Poi una sera d'inizio autunno arriva a Merate Magdi "Cristiano" Allam, sconosciuto ai più, che si è fatto un nome prima attaccando furiosamente l'islam, ritenendo, come Oriana Fallaci che un islam moderato non esiste e poi facendosi battezzare da Papa Ratzinger, padrino Maurizio Lupi, previa preparazione con monsignor Fisichella. Un politico (?), un giornalista, un "pentito", non di Gesù ("che continuo ad amare come da bambino") ma della chiesa ("nella quale non mi riconosco più", dato che cerca il dialogo e non lo scontro con le altre religioni). Fine di una conversione. Fatti suoi che francamente non si capisce a chi possano interessare. Interessano invece, e molto, le ragioni per le quali Allam gode di una protezione tanto imponente. A Merate è giunto a bordo di una Lancia blindata con due uomini di scorta, seguita da un'altra auto civetta e da diverse radiomobili dei carabinieri. In piazza Italia stazionava persino una pattuglia di carabinieri del gruppo cinofili. Perché non è dato sapere se non per il pericolo generico di un attentato a causa delle posizioni fortemente critiche di Allam verso l'Islam. Ma rischia di più questo signore o i magistrati di cui sopra? E quanto è giustificata la mobilitazione di una sessantina di uomini tra carabinieri, poliziotti, finanzieri agenti di PL per "proteggere" Angelino Alfano giunto a Merate a promuovere il suo libro?

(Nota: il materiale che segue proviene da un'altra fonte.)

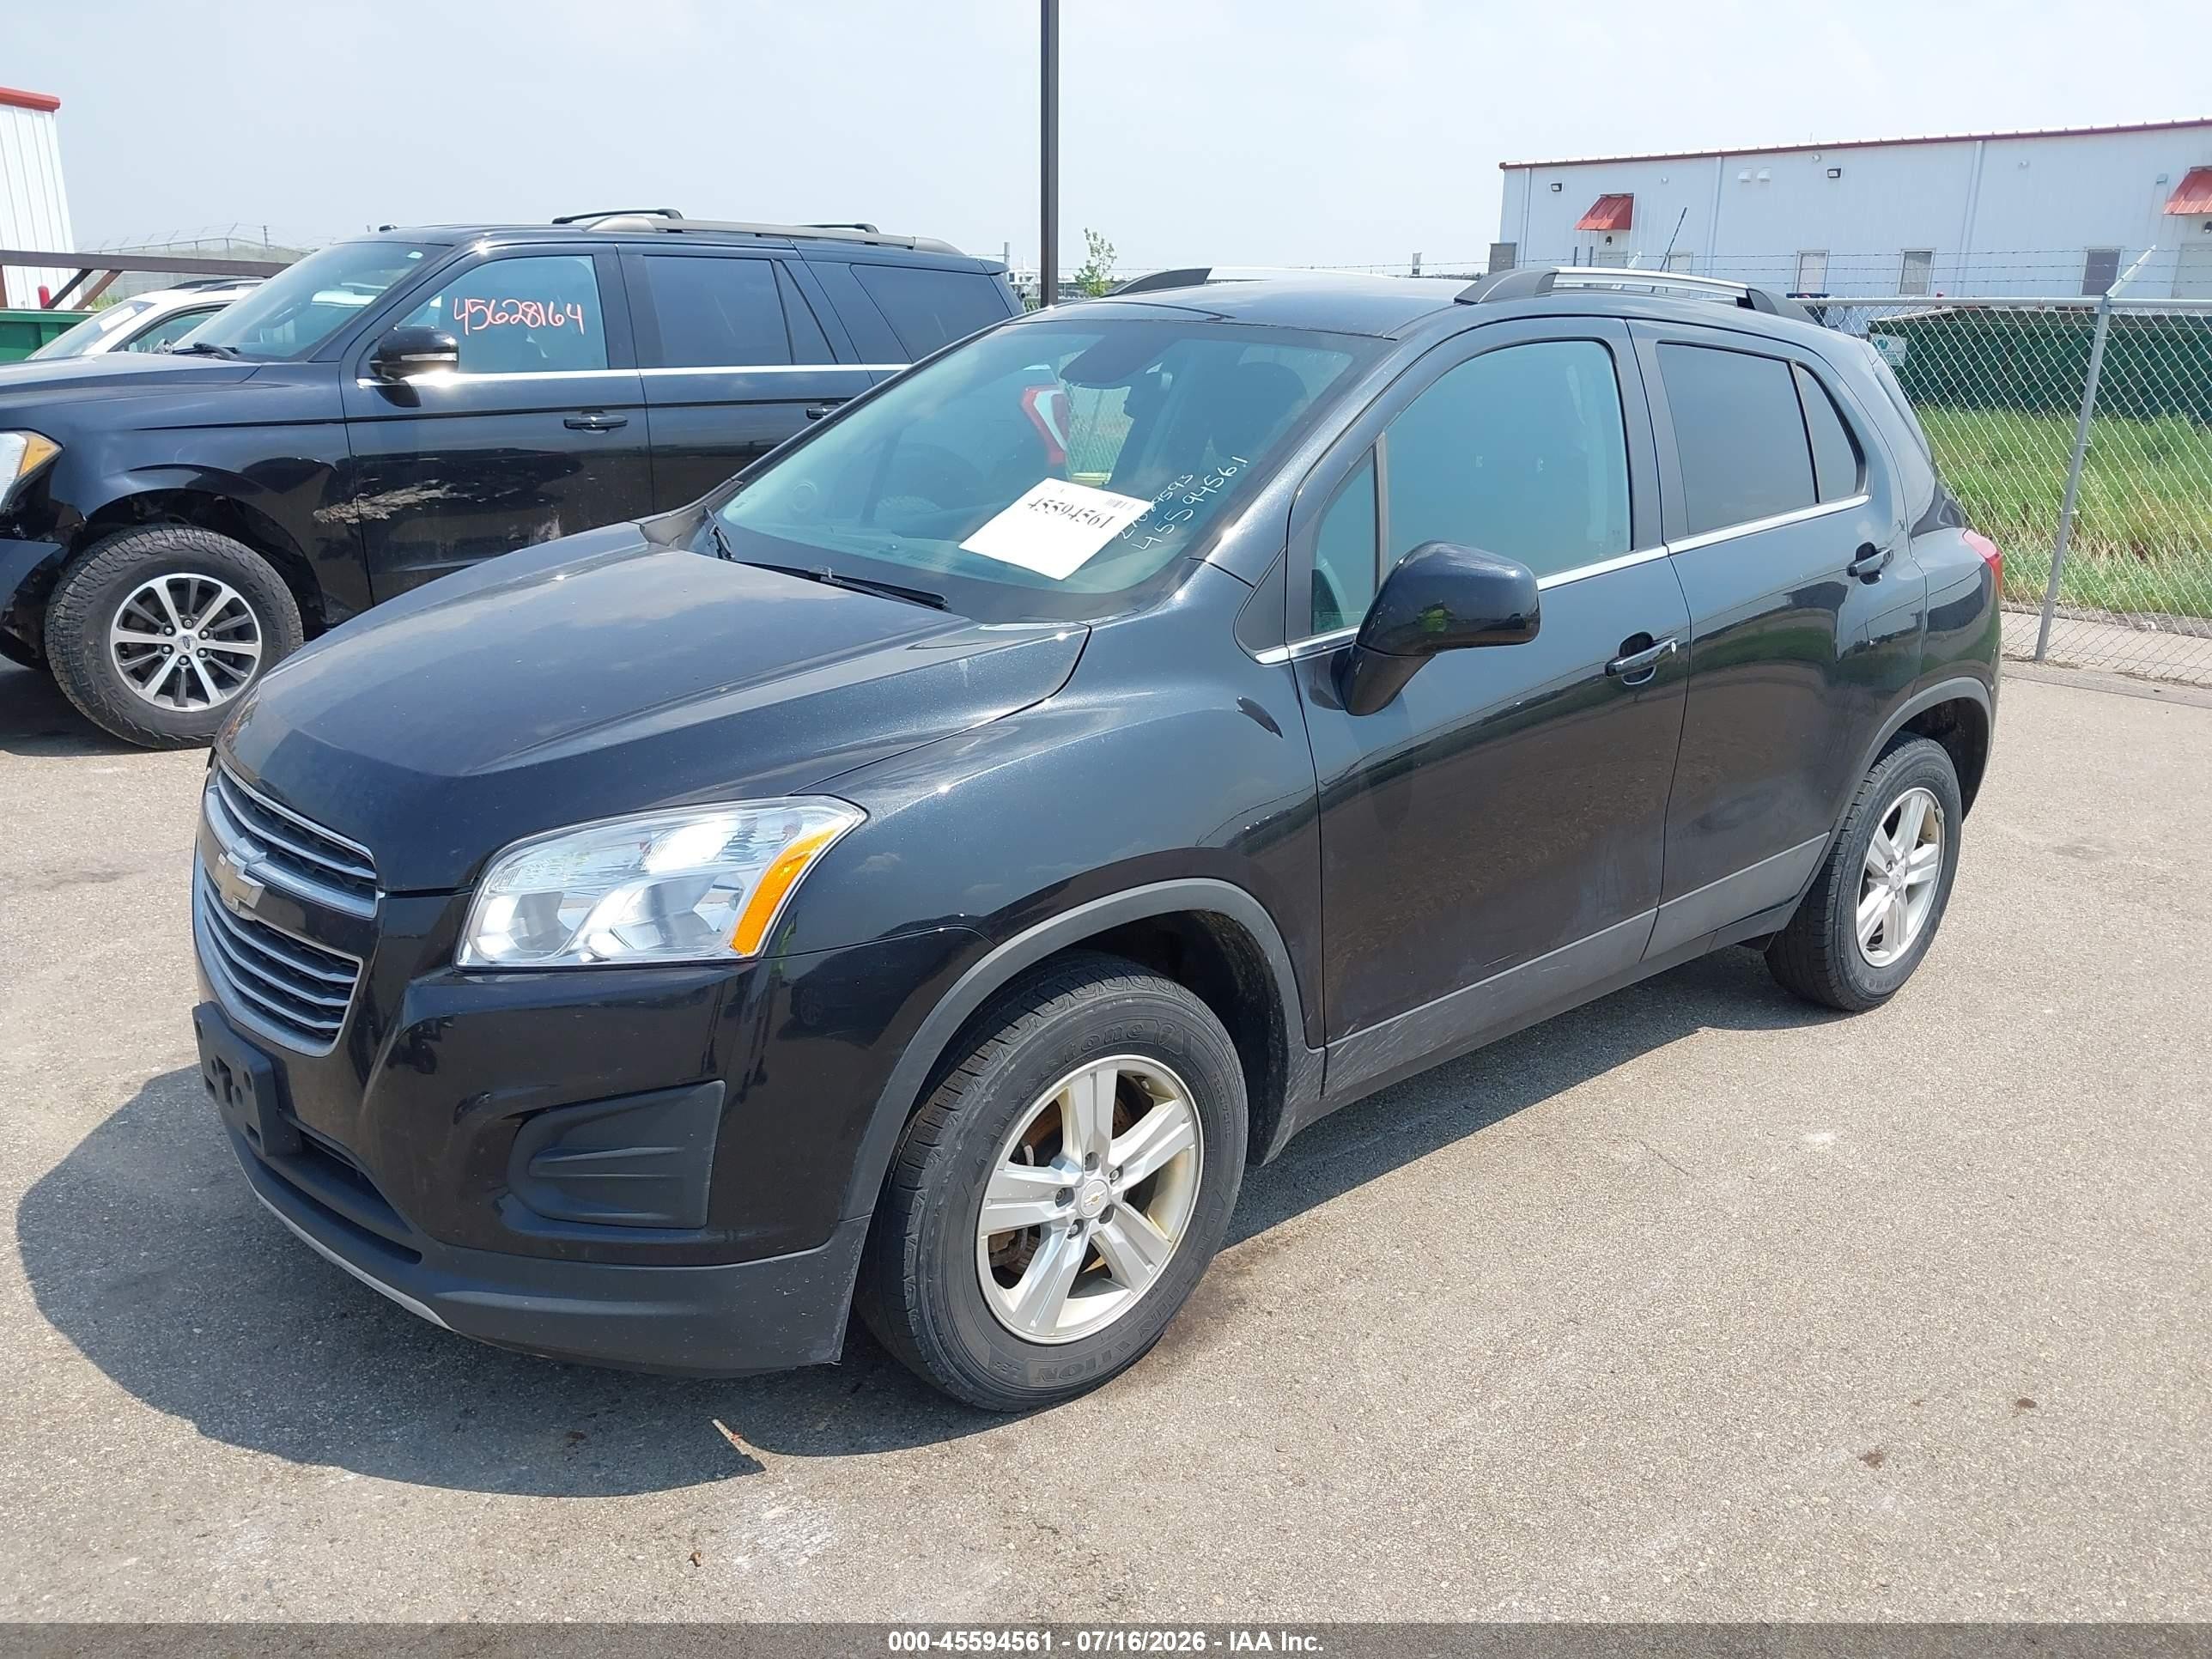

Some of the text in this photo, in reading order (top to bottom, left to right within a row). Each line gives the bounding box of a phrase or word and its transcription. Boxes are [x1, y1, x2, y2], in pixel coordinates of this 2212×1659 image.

[453, 297, 585, 336] 45628164
[1027, 497, 1115, 528] 45594561
[1131, 455, 1249, 550] 45594561

Ecco, finché questa situazione non sarà capovolta togliendo inutili privilegi (in un autogrill abbiamo assistito allibiti all'arrivo di Renato Farina, in arte "agente betulla" con tanto di scorta) a chi non ne ha bisogno e garantire la sicurezza a quanti davvero lavorano in un clima di estremo pericolo, in questa cavolo di Nazione ci sarà sempre qualcosa che non va.